Country Garden fuels China property crisis: Major developer suffers record £5.3bn loss
A major Chinese property developer has posted a record loss amid a growing cash crisis in the country’s housing sector.
Country Garden, based in China’s Guangdong province, suffered a half-year loss of £5.3billion after a bleak six months that have seen its share price tumble amid mounting fears about its survival.
The figures came after the firm requested more time to repay some of its debts this week in a sign it was coming under ever greater financial strain.
Country Garden, whose chairman is Yang Huiyan, has debts of nearly £160billion and recently asked creditors for a 40-day grace period to repay a bond worth £425million, due on Monday.
Mortgage bonanza: Guangzhou, China’s fifth largest city, announced that first-time buyers would be allowed loans regardless of their previous credit record
Some creditors are thought to be opposing the measure despite a growing risk of the firm defaulting on its loans.
Just a year ago it was China’s biggest real estate firm by sales and one of the few private companies that suppliers and lenders could depend on to pay the bills.
But confidence was shaken this month when Country Garden missed interest payments on two other bonds despite having previously been considered one of the developers least likely to default.
Faith in China is low after years of lockdowns and other Covid prevention measures have weighed on consumers, who are spending less. Companies are hiring fewer staff and as a result fewer people are buying homes.
Country Garden’s troubles hark back to a similar crisis at rival Evergrande, which in 2021 defaulted on its massive £236billion debt pile. This sent ripples across international markets amid worries its collapse could set off a chain reaction and a global financial crisis.
Last month, Evergrande finally reported long-delayed financial results for 2021 and 2022, revealing that over the two-year period it had lost £64billion.
Its shares fell 10 per cent yesterday after resuming trading on Tuesday – for the first time in nearly 18 months.
Troubles: Country Garden chairman Yang Huiyan
The stock has lost nearly 99 per cent of its value over the last three years and it has filed for bankruptcy protection in the US to protect its American assets.

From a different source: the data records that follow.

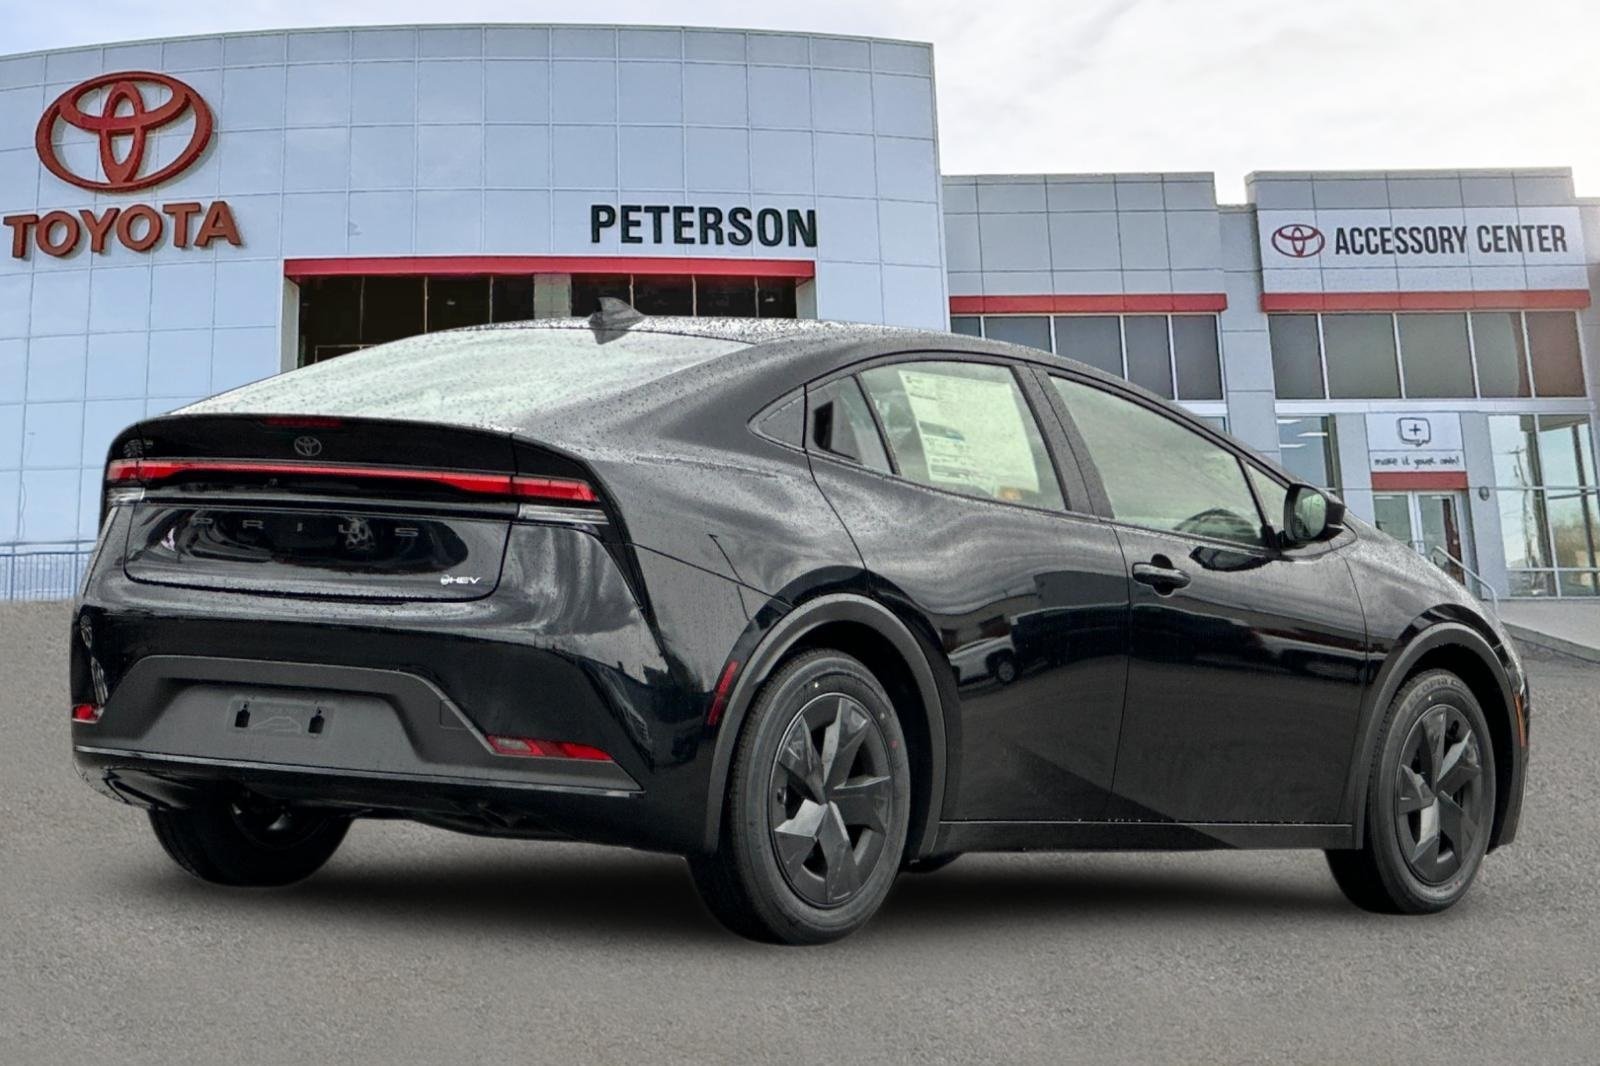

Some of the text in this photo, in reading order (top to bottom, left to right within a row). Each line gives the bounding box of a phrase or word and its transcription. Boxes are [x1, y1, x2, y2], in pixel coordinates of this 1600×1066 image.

[3, 200, 242, 258] TOYOTA
[590, 204, 818, 248] PETERSON
[1335, 224, 1568, 255] ACCESSORY CENTER
[194, 517, 419, 537] PRIUS
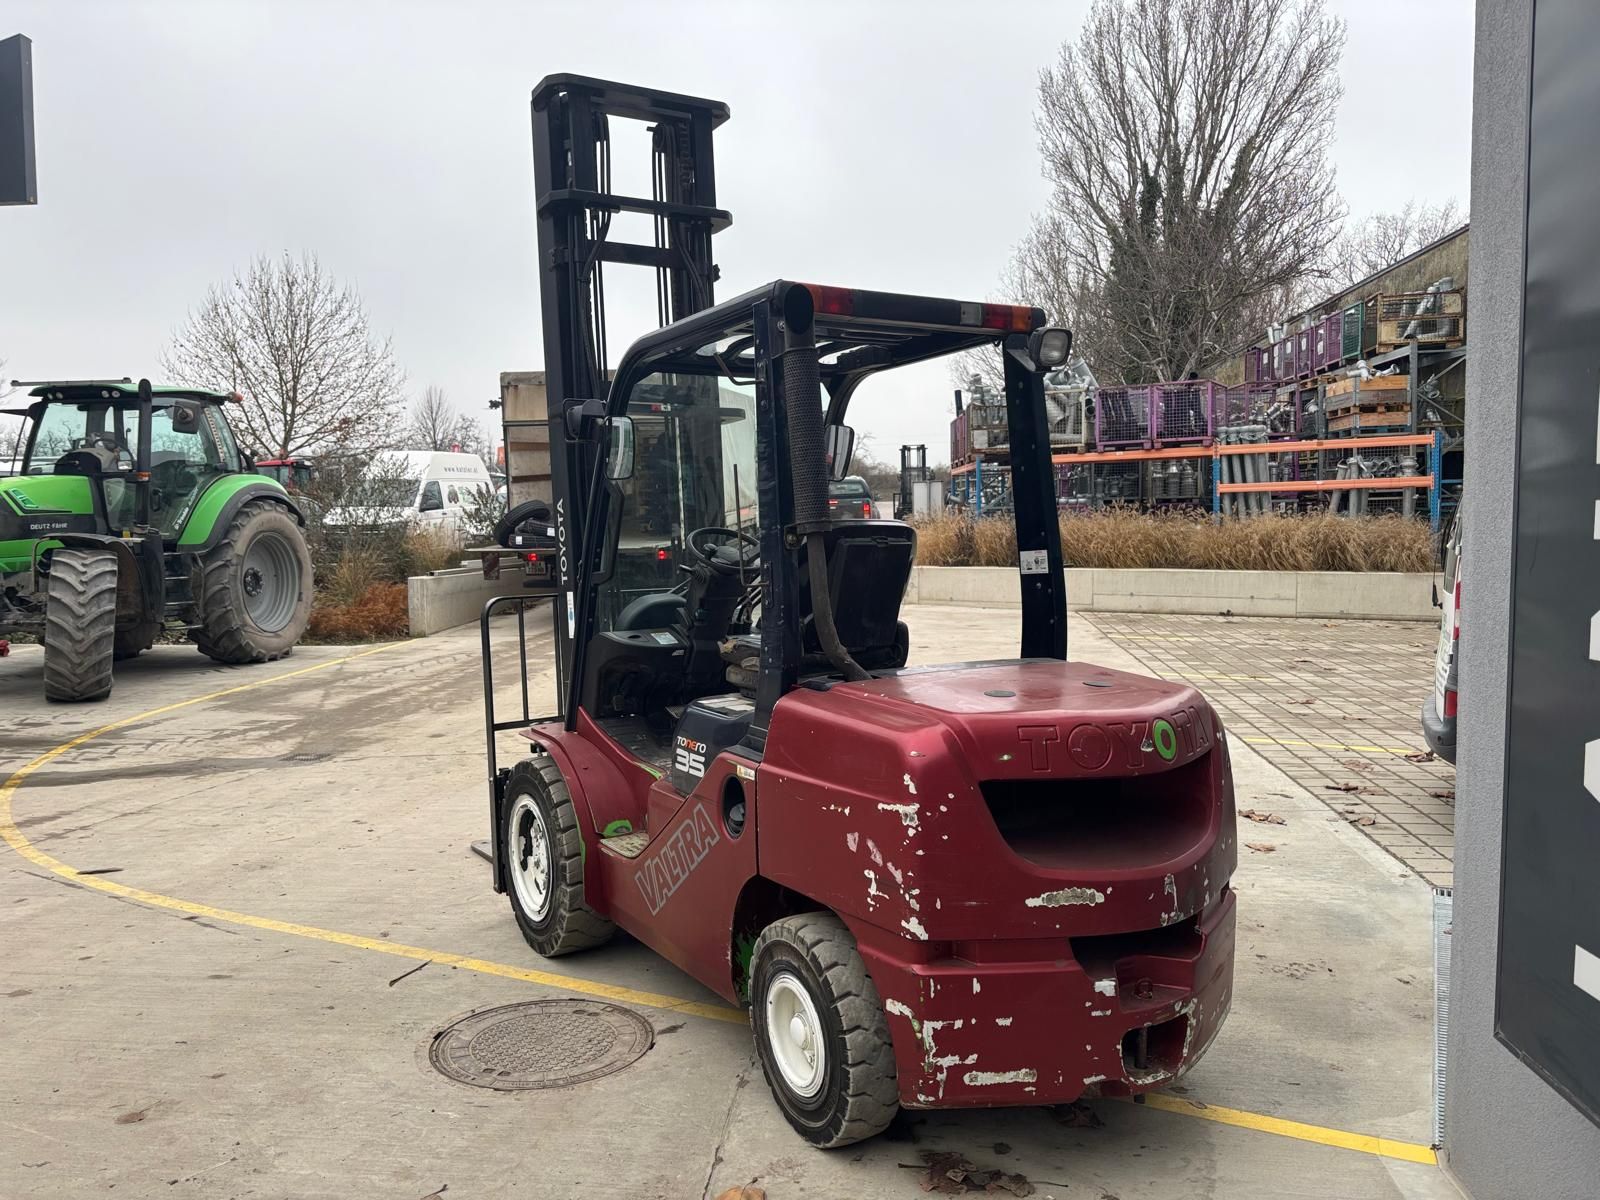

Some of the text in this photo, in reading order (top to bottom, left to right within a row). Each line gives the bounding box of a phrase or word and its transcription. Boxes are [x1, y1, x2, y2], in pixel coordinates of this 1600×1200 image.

With Country Garden having four times as many housing projects as Evergrande, there are fears its fall could cause an even bigger crisis.
‘Investors, as well as the ruling Communist Party and the People’s Bank of China, must now assess whether a sudden collapse is coming, or whether the real estate market will endure a lengthy period of subdued growth as speculative excesses are shaken out,’ said AJ Bell’s investment director Russ Mould.
The warning signs have spurred officials into action, with state-owned banks poised to cut interest rates on existing mortgages and deposits for the first time in around 15 years to relieve pressure on property sector profit margins and revive demand.
Guangzhou, China’s fifth largest city, has also announced that first-time buyers would be allowed loans regardless of their previous credit record.
The moves have helped bolster market sentiment, with Hong Kong’s Hang Seng Mainland Properties Index closing up around 0.5 per cent yesterday.
But some are worried stimulus measures will not revive the spluttering economy.
Official figures showed China had slipped into deflation with consumer prices falling 0.3 per cent year-on-year last month.
The country has also stopped publishing data on youth unemployment after the rate of joblessness hit a record 21.3 per cent in June.
At the weekend figures showed profits from China’s industrial sector slumped by 6.7 per cent in July.